#### [Work to be completed]
Your copy of the data below must be exact and must leave out all pictures.

##### Data to use #####

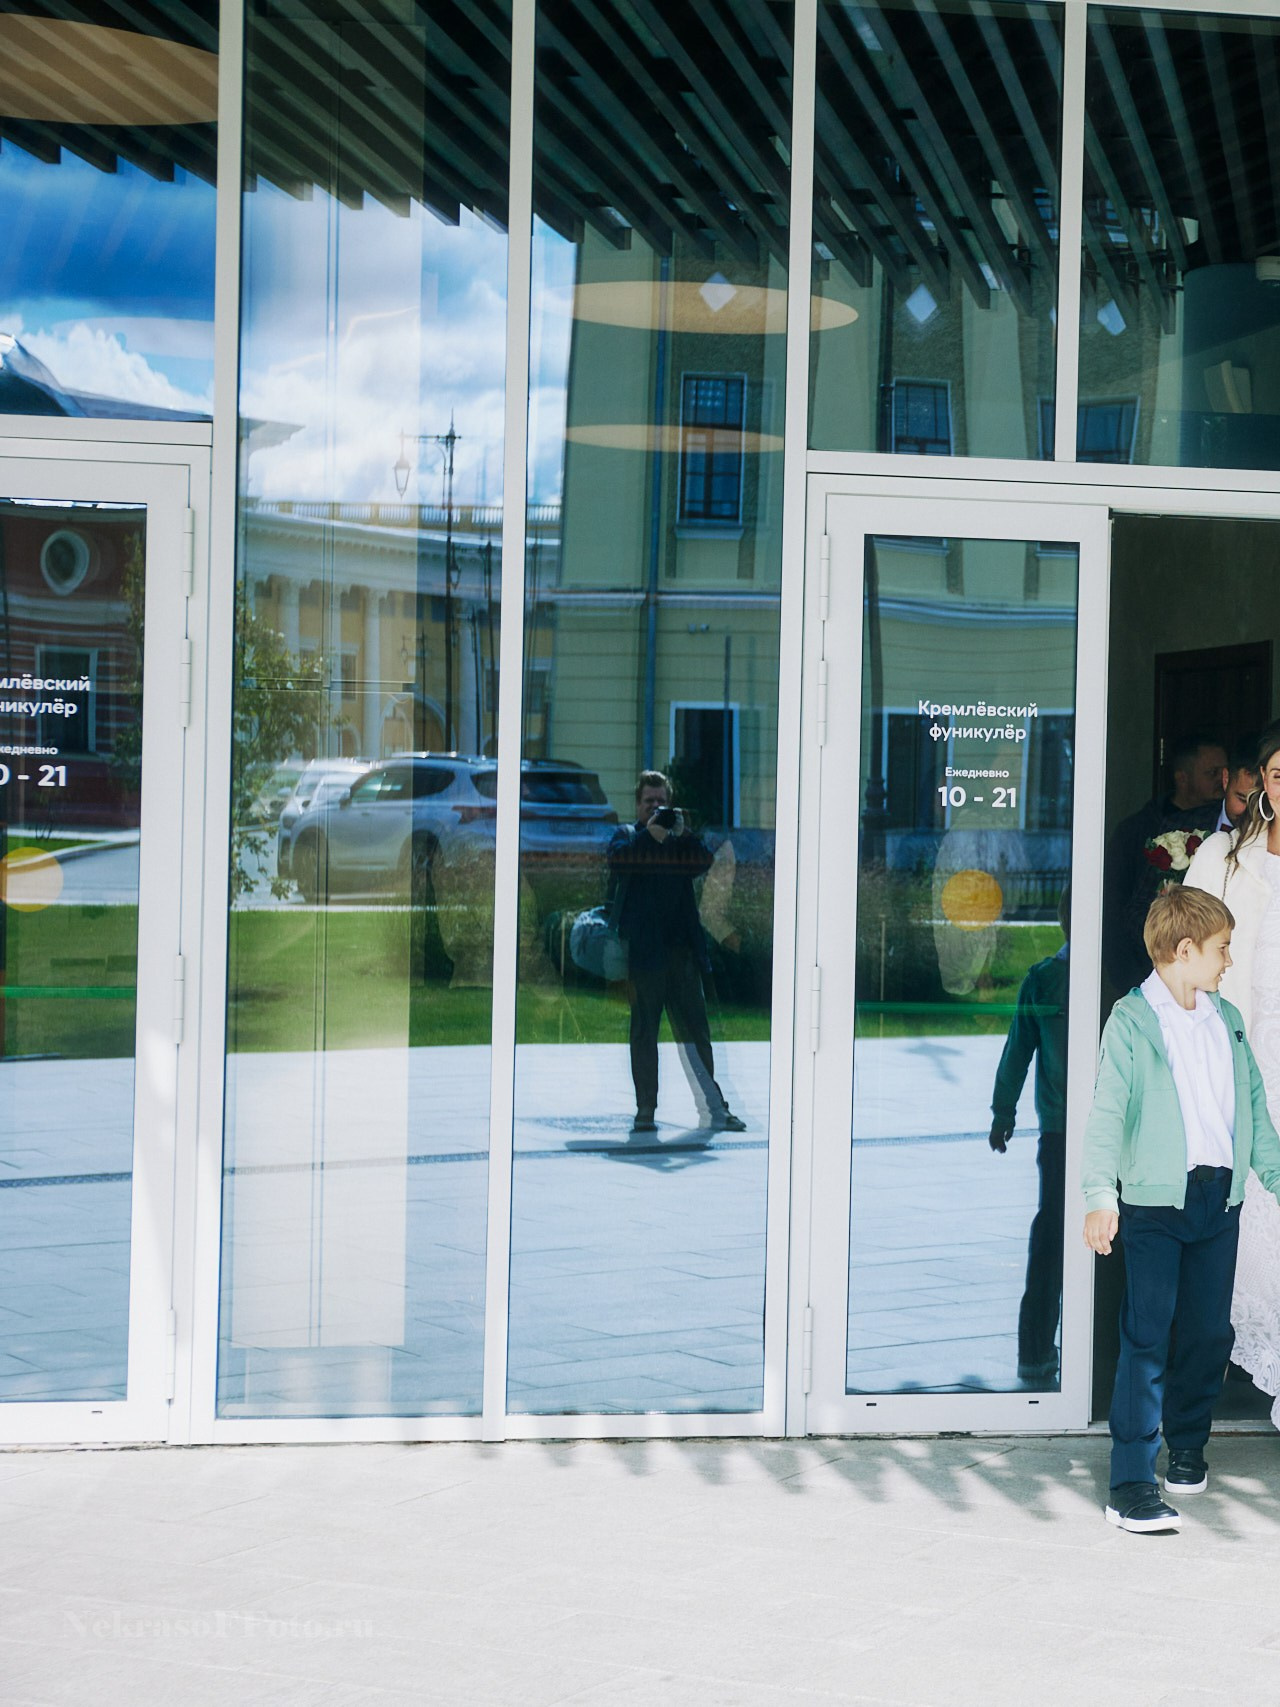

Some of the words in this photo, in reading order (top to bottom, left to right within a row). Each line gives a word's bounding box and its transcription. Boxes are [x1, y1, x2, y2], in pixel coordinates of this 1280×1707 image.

[0, 673, 90, 691] млёвский
[918, 700, 1038, 718] Кремлёвский
[929, 723, 1027, 743] фуникулёр
[0, 745, 59, 755] едневно
[38, 764, 67, 787] 21
[945, 767, 1010, 779] Ежедневно
[937, 786, 967, 808] 10
[991, 787, 1017, 808] 21
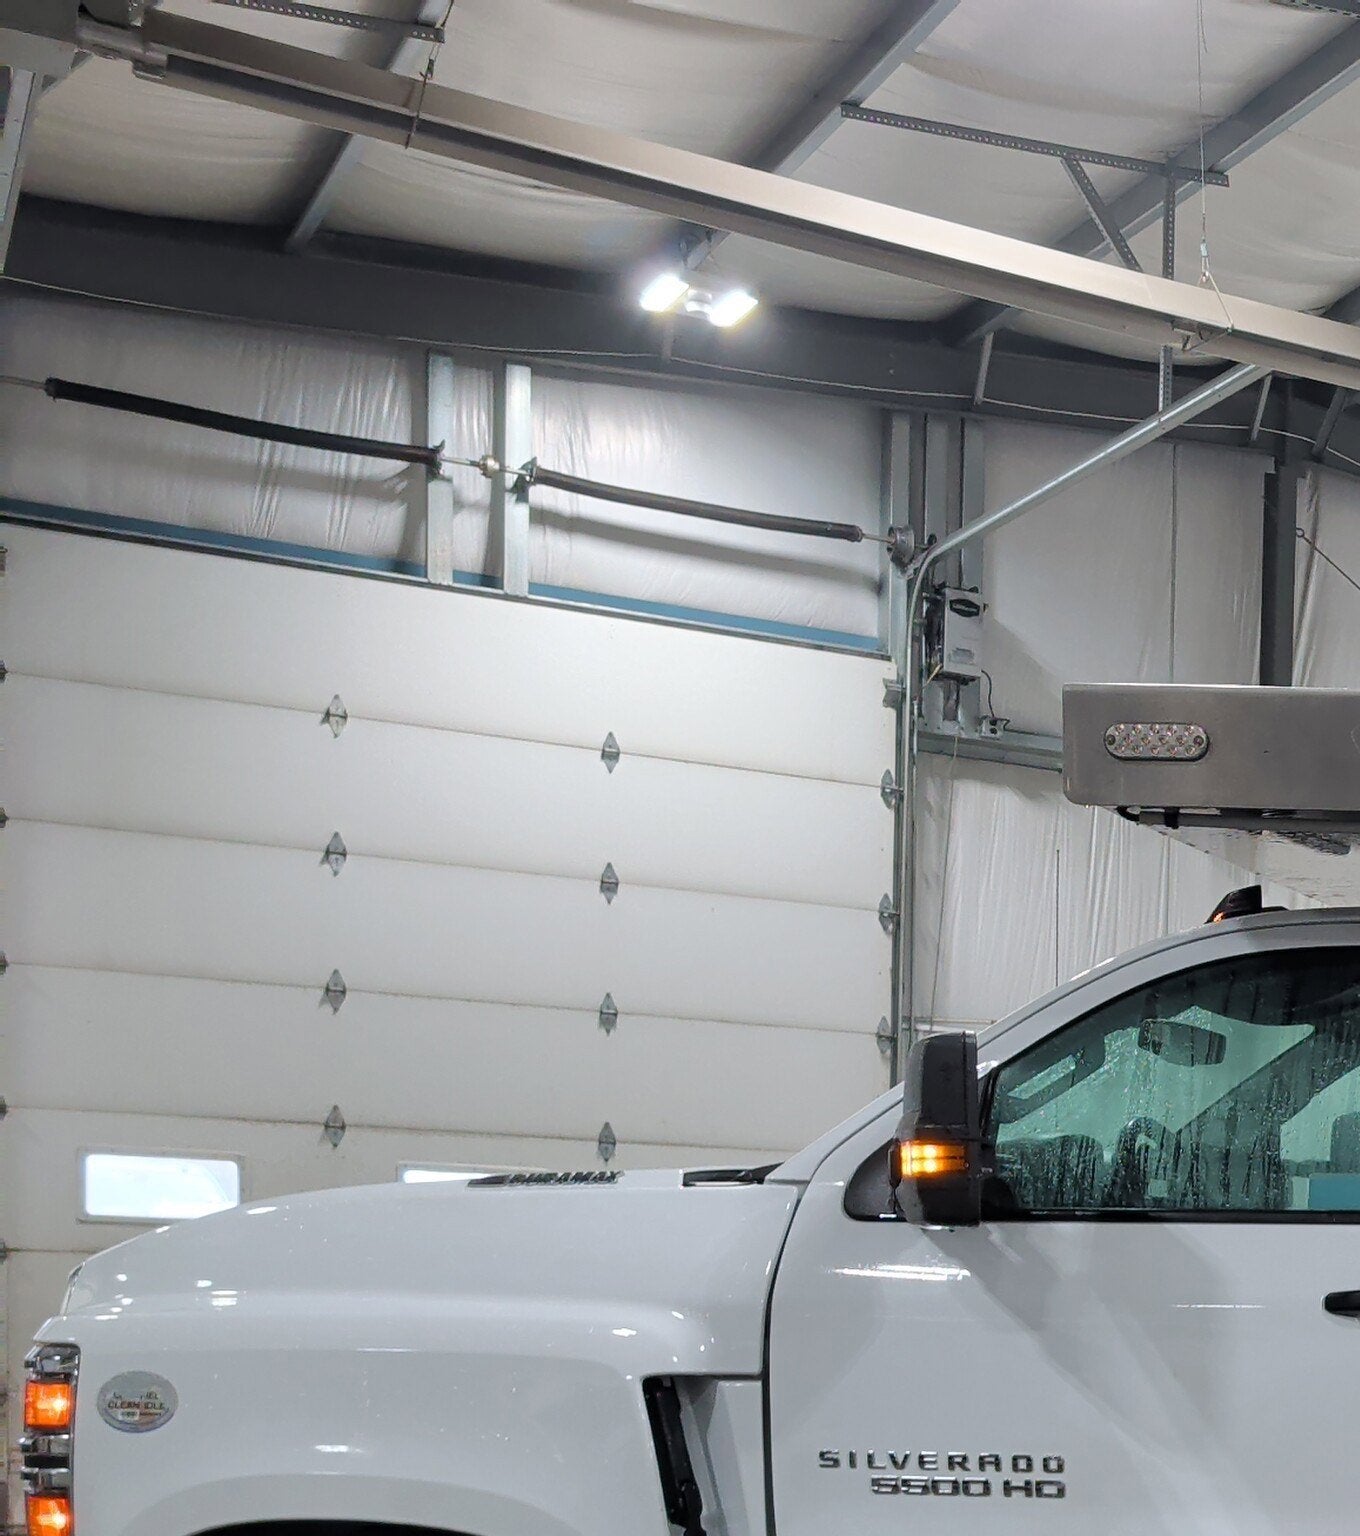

#####

#### [Answer section]
Some of the words in this photo, in reading order (top to bottom, left to right within a row). Each line gives a word's bounding box and its transcription. Boxes are [x1, y1, x2, y2], in pixel coordinates of this 1280×1707 image.

[0, 673, 90, 691] млёвский
[918, 700, 1038, 718] Кремлёвский
[929, 723, 1027, 743] фуникулёр
[0, 745, 59, 755] едневно
[38, 764, 67, 787] 21
[945, 767, 1010, 779] Ежедневно
[937, 786, 967, 808] 10
[991, 787, 1017, 808] 21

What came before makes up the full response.